← Pei-Chi Pan

Pei-Chi Pan

Houston, TX ppan@cougarnet.uh.edu Google Scholar Website LinkedIn

Education

University of Houston

Jan 2025 – present
Ph.D. in Computer ScienceHouston, TX

Research interest: human-centered AI, personal health informatics, human–computer interaction.

Rice University

Dec 2024
Master of Computer ScienceHouston, TX

National Yang Ming Chiao Tung University

Jun 2023
B.S. in Information Management and FinanceHsinchu, Taiwan

Cross-Disciplinary Program in Financial Technology; Minor in English Literature and Linguistics.

Publications

Journal and Conference Papers

  1. [J1]

    Pei-Chi Pan, Yingbin Liang, and Sen Lin. “Reward Modeling for Reinforcement Learning-Based LLM Reasoning: Design, Challenges, and Evaluation.” Transactions on Machine Learning Research (TMLR), 2026.

  2. [C1]

    Hou, Lu, Karanjai, Pan, Lin, Xu, and Shi. “Specialists Hold, Generalists Discount: Asymmetric Equilibrium in LLM Routing Auctions.” Advances in Neural Information Processing Systems (NeurIPS), 2026.

Under Review

  1. [U1]

    Hou, Lu, Karanjai, Pan, Lin, Xu, and Shi. “Anchors, Mixed Equilibria, and Welfare in LLM Routing Auctions.” Under review, 2026.

Research Experience

Graduate Research Assistant

Jan 2025 – present
Department of Computer Science, University of HoustonHouston, TX

EarMark: Everyday Noise-Sensitivity Sensing with Wearables

  • Designing an ecological data-collection protocol that pairs ecological momentary assessment (EMA) with passive Apple Watch sensing to characterize everyday contexts associated with noise-sensitivity reactions.
  • Developing the protocol for a participant field deployment (fall 2026) with a privacy-preserving design: no audio or location data is stored.
  • Building a multimodal dataset to support personalized models that anticipate difficult moments, extending prior work on assistive technology for noise sensitivity.

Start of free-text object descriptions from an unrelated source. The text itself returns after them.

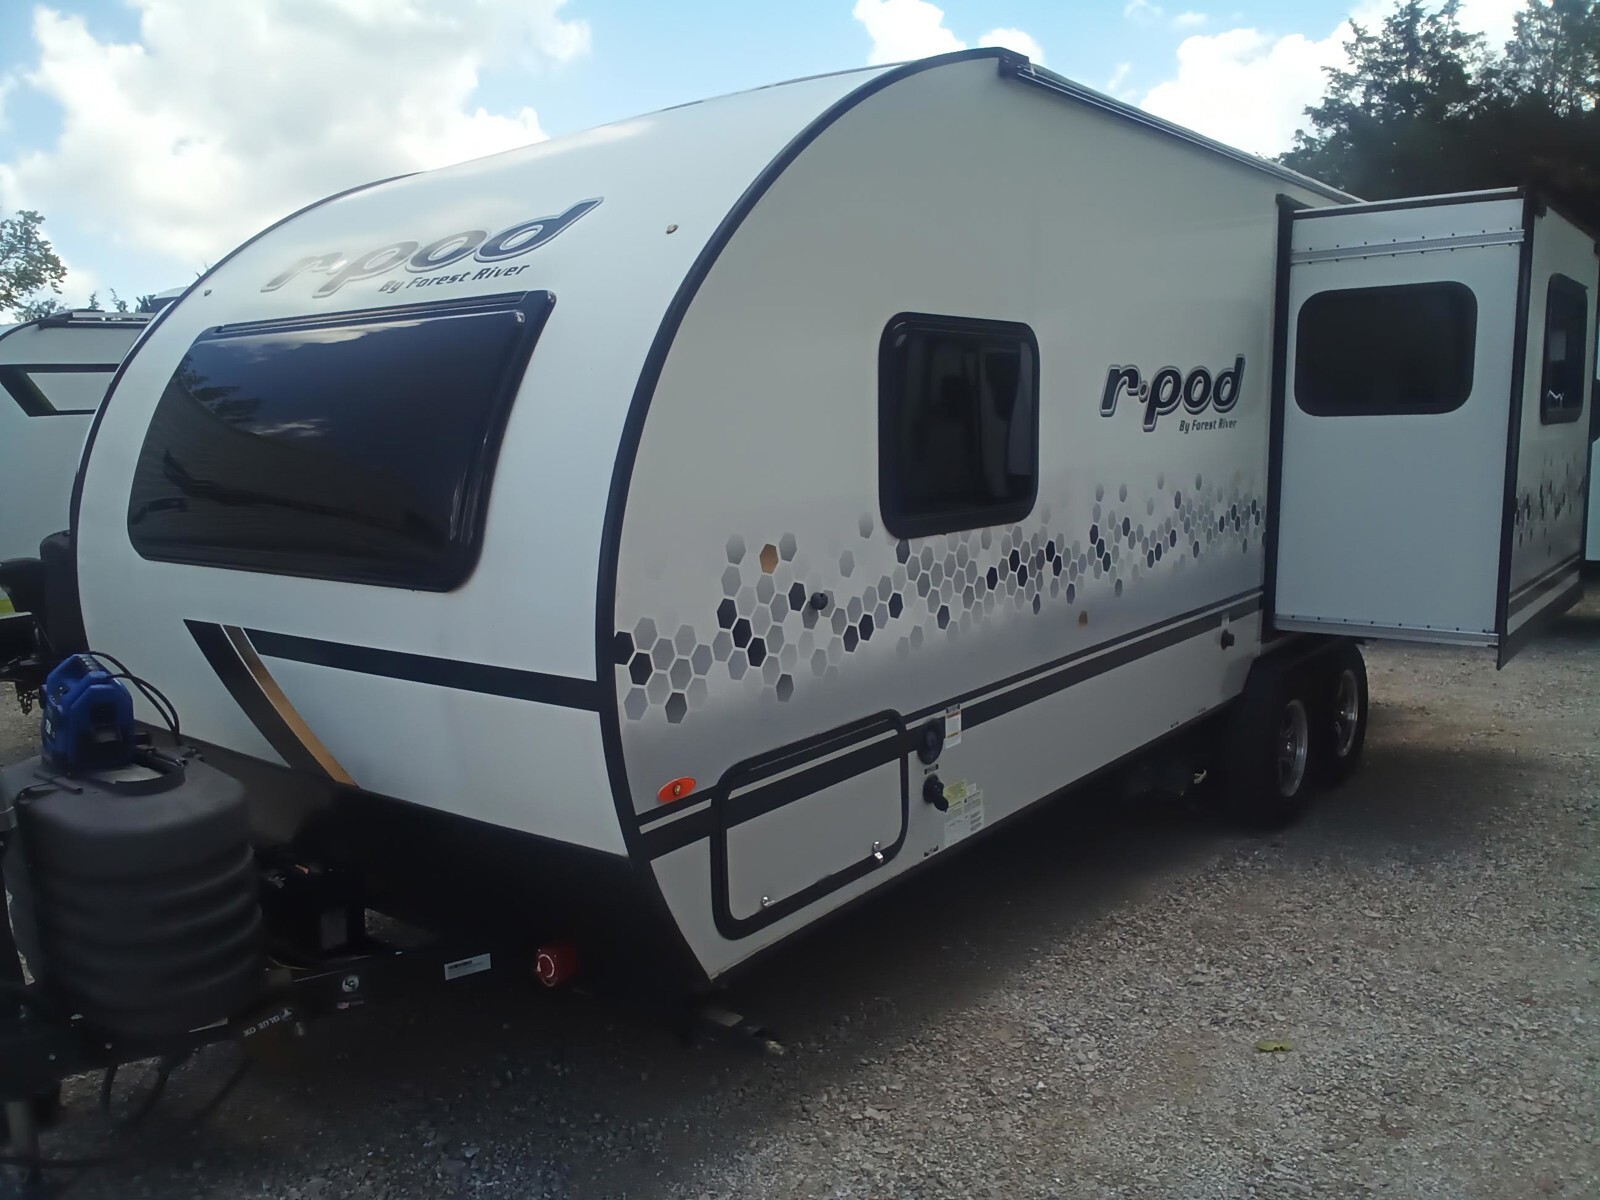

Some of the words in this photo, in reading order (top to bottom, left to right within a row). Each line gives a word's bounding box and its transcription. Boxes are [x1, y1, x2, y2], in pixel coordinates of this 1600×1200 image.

[378, 280, 405, 293] By
[406, 271, 470, 288] Forest
[472, 265, 530, 280] River
[1179, 420, 1190, 434] By
[1192, 420, 1216, 431] Forest
[1218, 418, 1237, 429] River
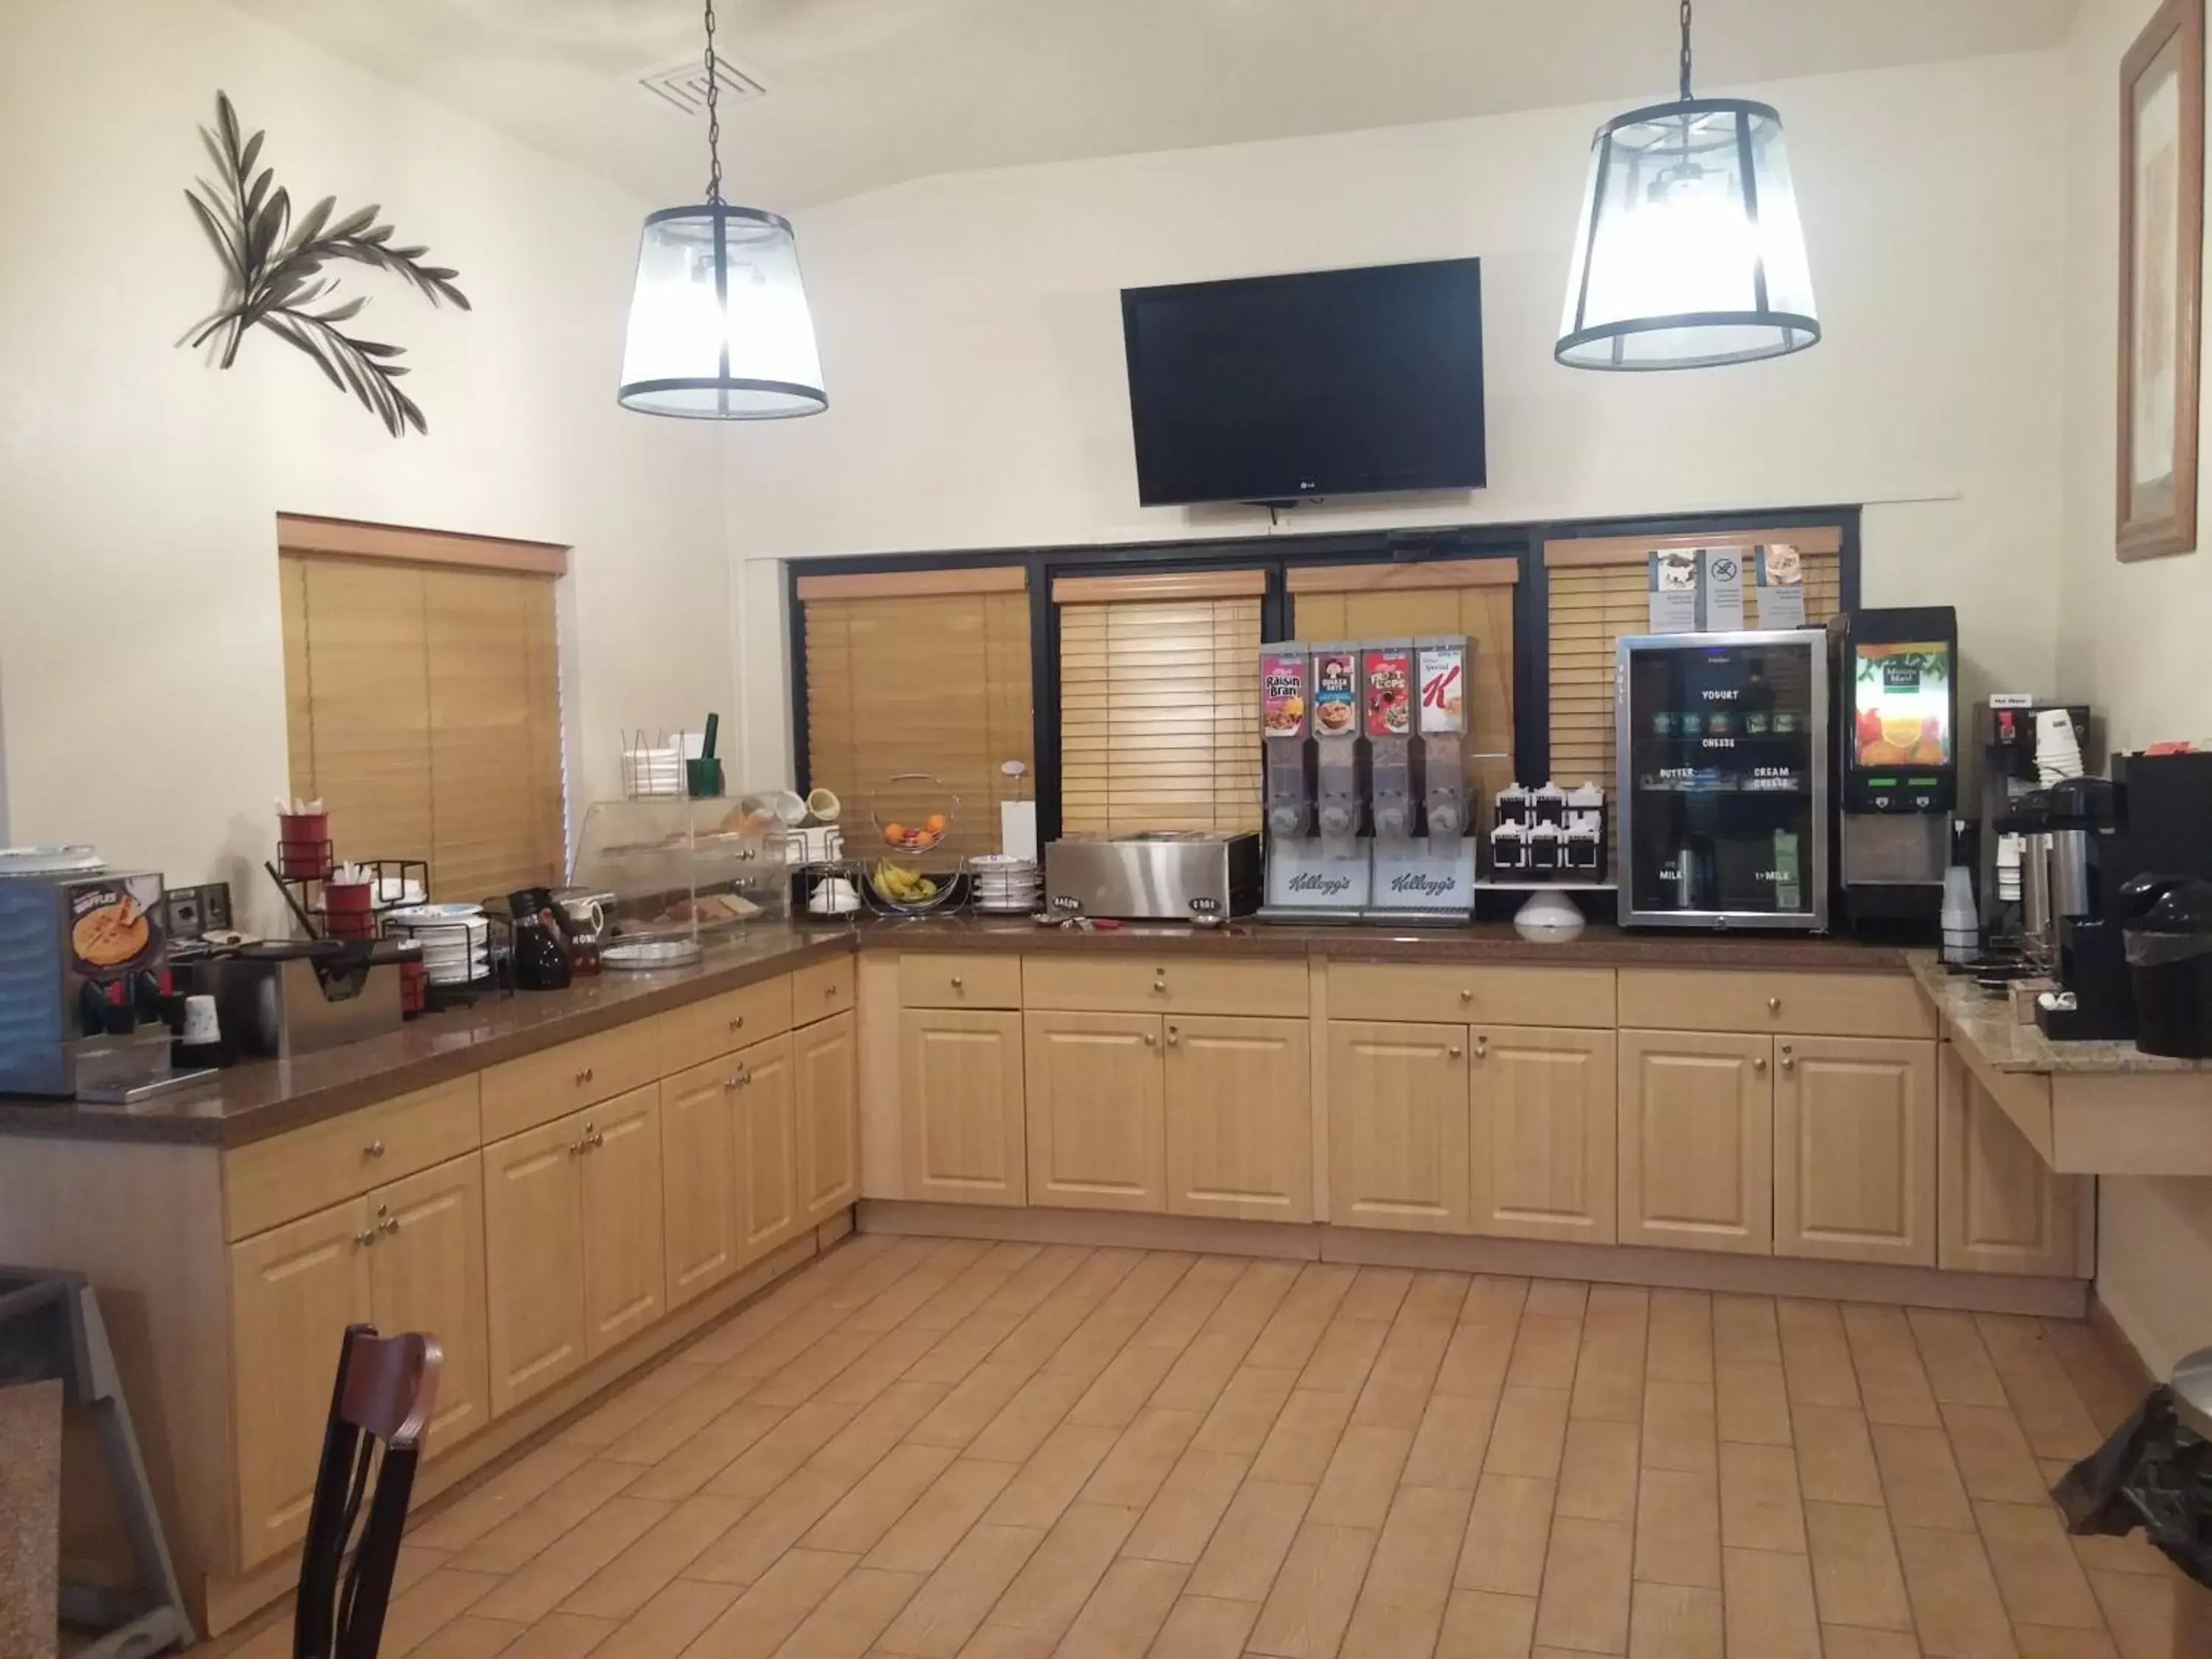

Reward Modeling for RL-Based LLM Reasoning [J1]

  • Conducted a comprehensive survey of reinforcement learning for LLM reasoning, examining the limitations of chain-of-thought prompting and the shift from RLHF toward verifiable, multi-step reasoning.
  • Proposed a taxonomy of reward design to structure the research landscape.
  • Analyzed core challenges in RL-for-reasoning pipelines, including reward hacking, diversity collapse, and reasoning hallucinations, and synthesized mitigation strategies.

Teaching

Teaching Assistant, Machine Learning

Jan 2025 – Dec 2025
Department of Computer Science, University of HoustonHouston, TX
  • Led instructional sessions for undergraduates on advanced machine learning topics, including CNNs and LLMs, covering design principles, implementation challenges, and connections to current research.
  • Designed and led PyTorch lab sessions; supervised programming projects in which students built and evaluated novel models.

Industry Experience

Microsoft, Azure Cloud & AI

Jul 2022 – Aug 2023
Technical Consultant InternTaipei, Taiwan
  • Member of a 40-person consulting team that delivered KGI Bank’s mobile and internet banking application, Taiwan’s first microservices-based internet banking system (launched October 2022).
  • Coordinated with developers, product managers, system analysts, and clients on features, testing, and deployment; authored QA test plans and documentation in Azure DevOps; built Angular/TypeScript front-end features.

DBS Bank, Technology & Operations

Jul 2021 – Aug 2021
Data Analyst InternTaipei, Taiwan
  • Automated customer-transaction retrieval and a daily reporting workflow in Python (pandas) and Microsoft Access, replacing manual processes for the consumer finance team.